TASK STATEMENT: Each line of the material below must be transcribed exactly.

=== Section Start ===

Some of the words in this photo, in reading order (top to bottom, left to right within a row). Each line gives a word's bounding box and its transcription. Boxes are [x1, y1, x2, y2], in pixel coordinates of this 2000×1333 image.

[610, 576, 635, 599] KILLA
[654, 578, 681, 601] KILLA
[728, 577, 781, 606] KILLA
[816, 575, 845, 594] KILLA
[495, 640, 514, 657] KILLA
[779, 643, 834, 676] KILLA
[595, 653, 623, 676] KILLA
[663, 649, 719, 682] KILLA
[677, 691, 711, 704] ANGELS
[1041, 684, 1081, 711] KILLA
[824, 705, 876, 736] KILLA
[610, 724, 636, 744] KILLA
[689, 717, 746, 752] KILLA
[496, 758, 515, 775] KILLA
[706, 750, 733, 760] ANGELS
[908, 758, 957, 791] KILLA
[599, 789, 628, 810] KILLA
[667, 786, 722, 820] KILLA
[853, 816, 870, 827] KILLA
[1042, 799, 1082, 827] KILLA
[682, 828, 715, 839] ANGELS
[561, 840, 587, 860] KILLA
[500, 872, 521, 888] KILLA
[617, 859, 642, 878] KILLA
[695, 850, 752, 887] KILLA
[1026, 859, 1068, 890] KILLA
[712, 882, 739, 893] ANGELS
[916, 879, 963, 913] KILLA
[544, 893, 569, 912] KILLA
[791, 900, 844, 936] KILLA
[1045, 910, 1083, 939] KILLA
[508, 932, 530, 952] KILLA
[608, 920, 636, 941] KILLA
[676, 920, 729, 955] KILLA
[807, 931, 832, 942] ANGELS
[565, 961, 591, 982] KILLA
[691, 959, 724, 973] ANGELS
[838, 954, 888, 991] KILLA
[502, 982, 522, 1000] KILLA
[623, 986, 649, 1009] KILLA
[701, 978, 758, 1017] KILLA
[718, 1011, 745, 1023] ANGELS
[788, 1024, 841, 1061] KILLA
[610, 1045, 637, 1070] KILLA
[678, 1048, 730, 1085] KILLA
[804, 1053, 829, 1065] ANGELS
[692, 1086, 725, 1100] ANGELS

=== Section End ===

RESULT OF THIS TASK:
Some of the words in this photo, in reading order (top to bottom, left to right within a row). Each line gives a word's bounding box and its transcription. Boxes are [x1, y1, x2, y2], in pixel coordinates of this 2000×1333 image.

[610, 576, 635, 599] KILLA
[654, 578, 681, 601] KILLA
[728, 577, 781, 606] KILLA
[816, 575, 845, 594] KILLA
[495, 640, 514, 657] KILLA
[779, 643, 834, 676] KILLA
[595, 653, 623, 676] KILLA
[663, 649, 719, 682] KILLA
[677, 691, 711, 704] ANGELS
[1041, 684, 1081, 711] KILLA
[824, 705, 876, 736] KILLA
[610, 724, 636, 744] KILLA
[689, 717, 746, 752] KILLA
[496, 758, 515, 775] KILLA
[706, 750, 733, 760] ANGELS
[908, 758, 957, 791] KILLA
[599, 789, 628, 810] KILLA
[667, 786, 722, 820] KILLA
[853, 816, 870, 827] KILLA
[1042, 799, 1082, 827] KILLA
[682, 828, 715, 839] ANGELS
[561, 840, 587, 860] KILLA
[500, 872, 521, 888] KILLA
[617, 859, 642, 878] KILLA
[695, 850, 752, 887] KILLA
[1026, 859, 1068, 890] KILLA
[712, 882, 739, 893] ANGELS
[916, 879, 963, 913] KILLA
[544, 893, 569, 912] KILLA
[791, 900, 844, 936] KILLA
[1045, 910, 1083, 939] KILLA
[508, 932, 530, 952] KILLA
[608, 920, 636, 941] KILLA
[676, 920, 729, 955] KILLA
[807, 931, 832, 942] ANGELS
[565, 961, 591, 982] KILLA
[691, 959, 724, 973] ANGELS
[838, 954, 888, 991] KILLA
[502, 982, 522, 1000] KILLA
[623, 986, 649, 1009] KILLA
[701, 978, 758, 1017] KILLA
[718, 1011, 745, 1023] ANGELS
[788, 1024, 841, 1061] KILLA
[610, 1045, 637, 1070] KILLA
[678, 1048, 730, 1085] KILLA
[804, 1053, 829, 1065] ANGELS
[692, 1086, 725, 1100] ANGELS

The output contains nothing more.